Do these all get painted individually, then reassembled again?
Yes & yes - so with the panels bolted to the van I can make any final adjustments / allowances to ensure that the piping bead will look correct when inserted between the panel flange joints - It's also a lot easier to profile the wings with them fastened to the van - once all the profiles on the loose panels are correct - everything gets unfastened / removed and primed / painted individually prior to final assembly - it sounds a faff and it is but it's the only way to do it properly
Do you find the colour black take more preparation than other colours regardless of it the being gloss, satin or matt finish?
Any dark colour will show the smallest imperfection / ripple / dent - the higher the gloss the more it will highlight - satins will still show defects in dark colours - matt finish less so but it will still show defects - white & very, very light colours tend to hide minor defects but it depends on where they are - horizontal surfaces tend show up more than a vertical surface with white - same old story really - black absorbs light whilst white reflects light - In my book it makes no difference preparation wise - I want every vehicle that passes through the workshop to look right when it leaves the workshop completed.
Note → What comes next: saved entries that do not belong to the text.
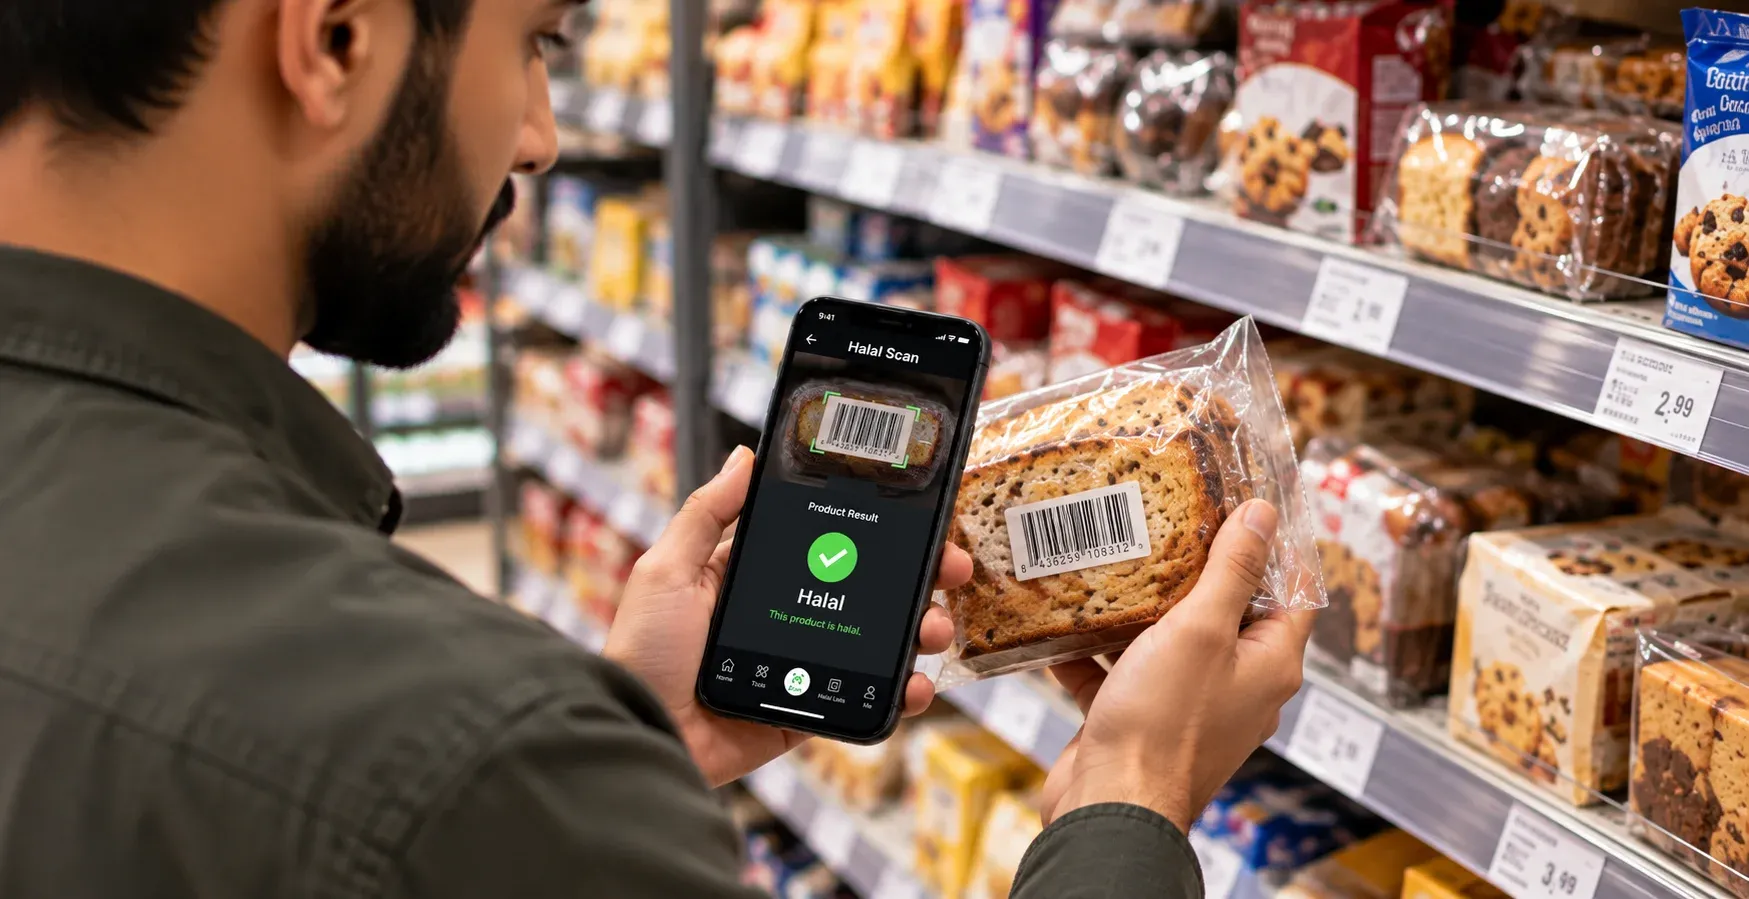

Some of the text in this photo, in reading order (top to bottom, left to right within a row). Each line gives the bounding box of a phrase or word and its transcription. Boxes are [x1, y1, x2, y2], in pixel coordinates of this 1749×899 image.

[818, 312, 835, 321] 9:41
[847, 340, 919, 364] Halal Scan
[1654, 391, 1694, 418] 2.99
[807, 501, 879, 523] Product Result
[1021, 564, 1027, 574] 8
[1039, 552, 1081, 569] 436259
[1087, 542, 1130, 560] 108312
[796, 588, 846, 611] Halal
[769, 609, 862, 636] This product is halal.
I take it that's one that I am currently using that turns from a blue colour when wet - to black when dry ? - is this:What's the rust prevention stuff you recommend again?
Wasn't that rad cowl a pretty involved piece of bodywork for a humble workhouse. I like it.
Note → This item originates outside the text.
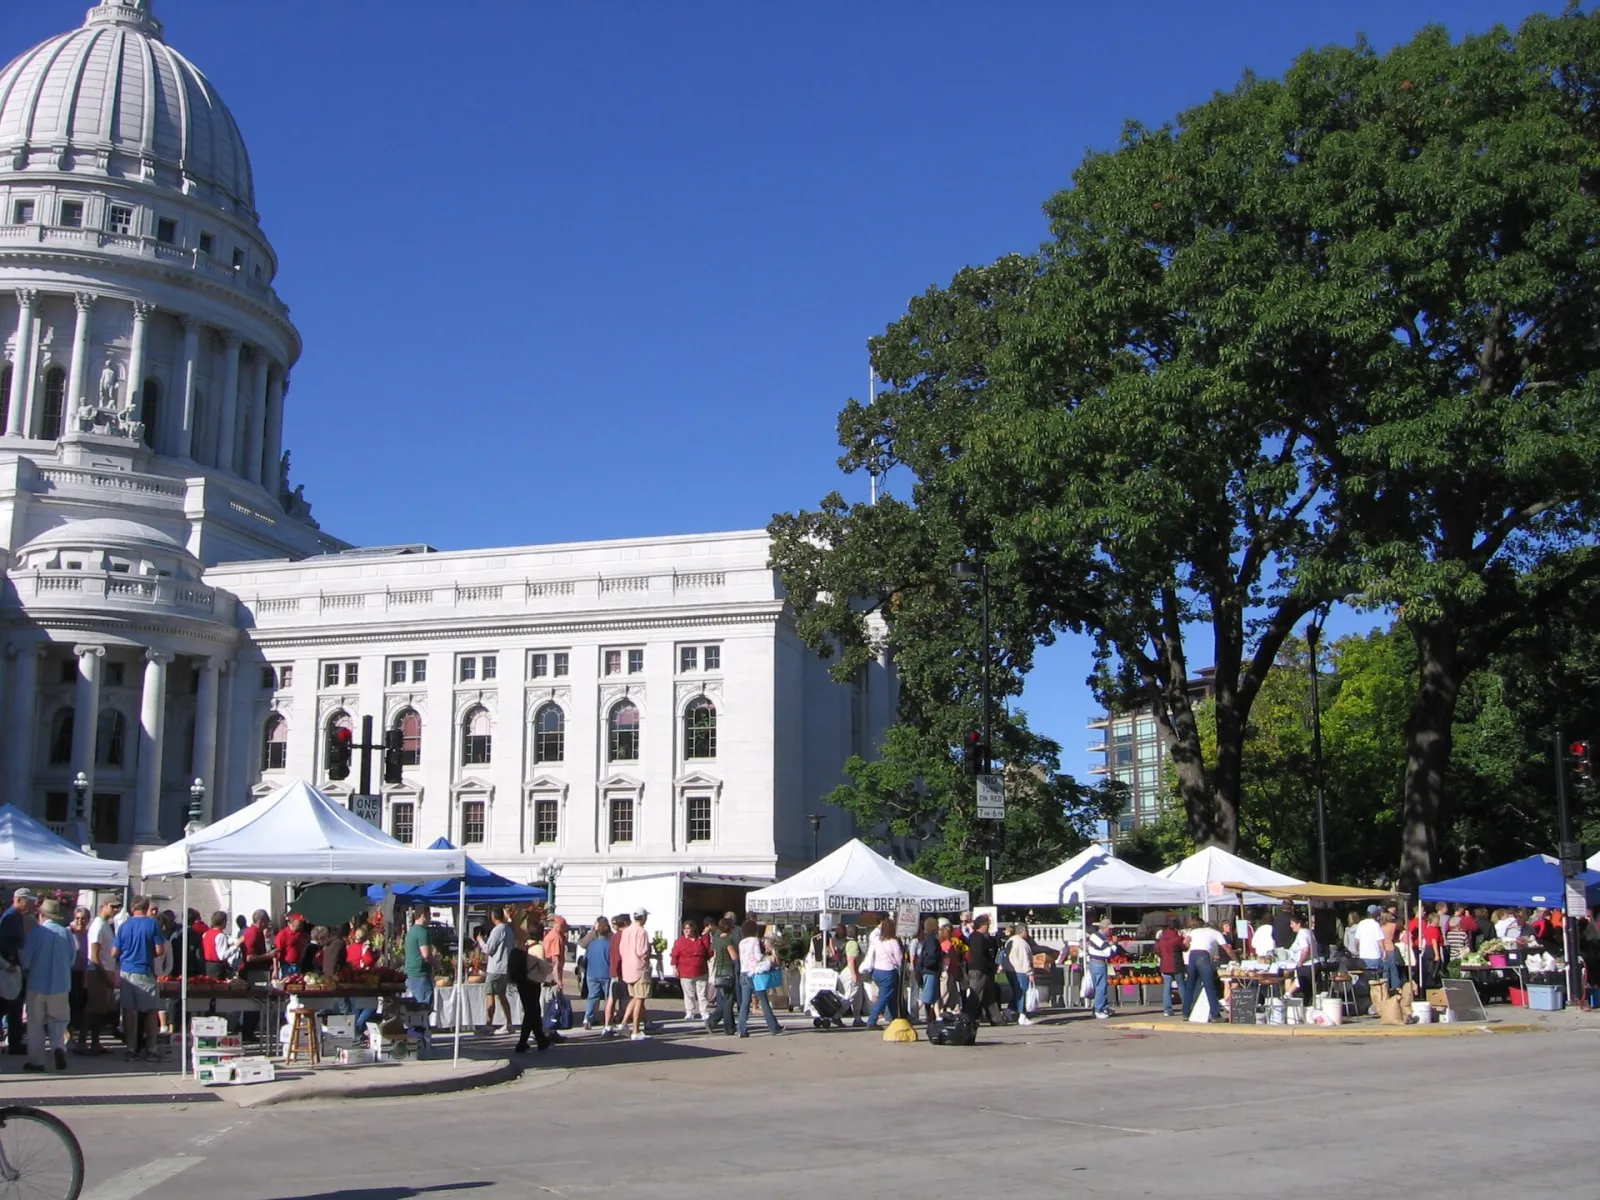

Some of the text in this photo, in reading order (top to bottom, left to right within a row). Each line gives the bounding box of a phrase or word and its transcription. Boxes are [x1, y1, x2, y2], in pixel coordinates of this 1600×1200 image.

It's a little more expensive than some of the other rust treatment products but the Bilt Hamber stuff is laboratory tested & proven - the rest of the markets offerings tend to just be a load of claims about how good there product is but with no proven record.
You are right - the rad cowl is a very involved with multiple compound profiles, raised beads & recessed flanges - but it's just like any panel on any vehicle if you don't put the effort in at this stage it will look a mess and show through even the best / shiniest of paintwork and being the front nose of the vehicle it's a panel that stands out or tends to be the first panel profile that people observe when viewing the van from the front - hence regardless of how humble the van is and the fact that the cowl is painted (when on most vehicles the cowls were chrome) it still needs to look right
So onwards with the profiling on the nearside front wing and with a few tips & hints along the way has I said would cover profiling compound curves
First - guide coating there are various 'Dry Guide Coats' available in the market - I don't use them - they are good but there is a lot cheaper alternative - tin of cheap aerosol matt black does the same job - just dust it over the filled area before sanding
There are quite a few different rubbing block profiles available - might help the novice but I very rarely use them - I tend to rely on my flat block more than anything - even on this wing
The guide coat used with hand / eye coordination is what I use - you need to keep running your hand over the area to give you a profile reading
If its a large area or a full panel break it down into smaller sections for sanding profiling
Work the block over the area in all directions - I tend to do opposing diagonal strokes then run over it left to right, top to bottom but there is no set pattern
Has you progress the profiles you will have to go over the radial edges and swept curvatures by hand - keep your hand flat and work the profile shape keeping a supple wrist but with a fair to firm pressure on the sanding - don't be tempted to rub with end of you fingers -you will just end up finger size troughs in the panel
Keep assessing the panel with your hand - top tips - always use the hand that you are not sanding with to assess the panel (sanding hand will desensitised through sanding movement) when you find a lump / bump / ripple in the profile but cannot pinpoint exactly where it is with your hand - look away from the panel or close your eyes - again access the panel with your hand and when you detect the defect place your finger to it - you can now look at the panel and your finger details the exact point which you can work if its too high or mark with pencil if it's low and requires further filling (it's very difficult to explain in text / images)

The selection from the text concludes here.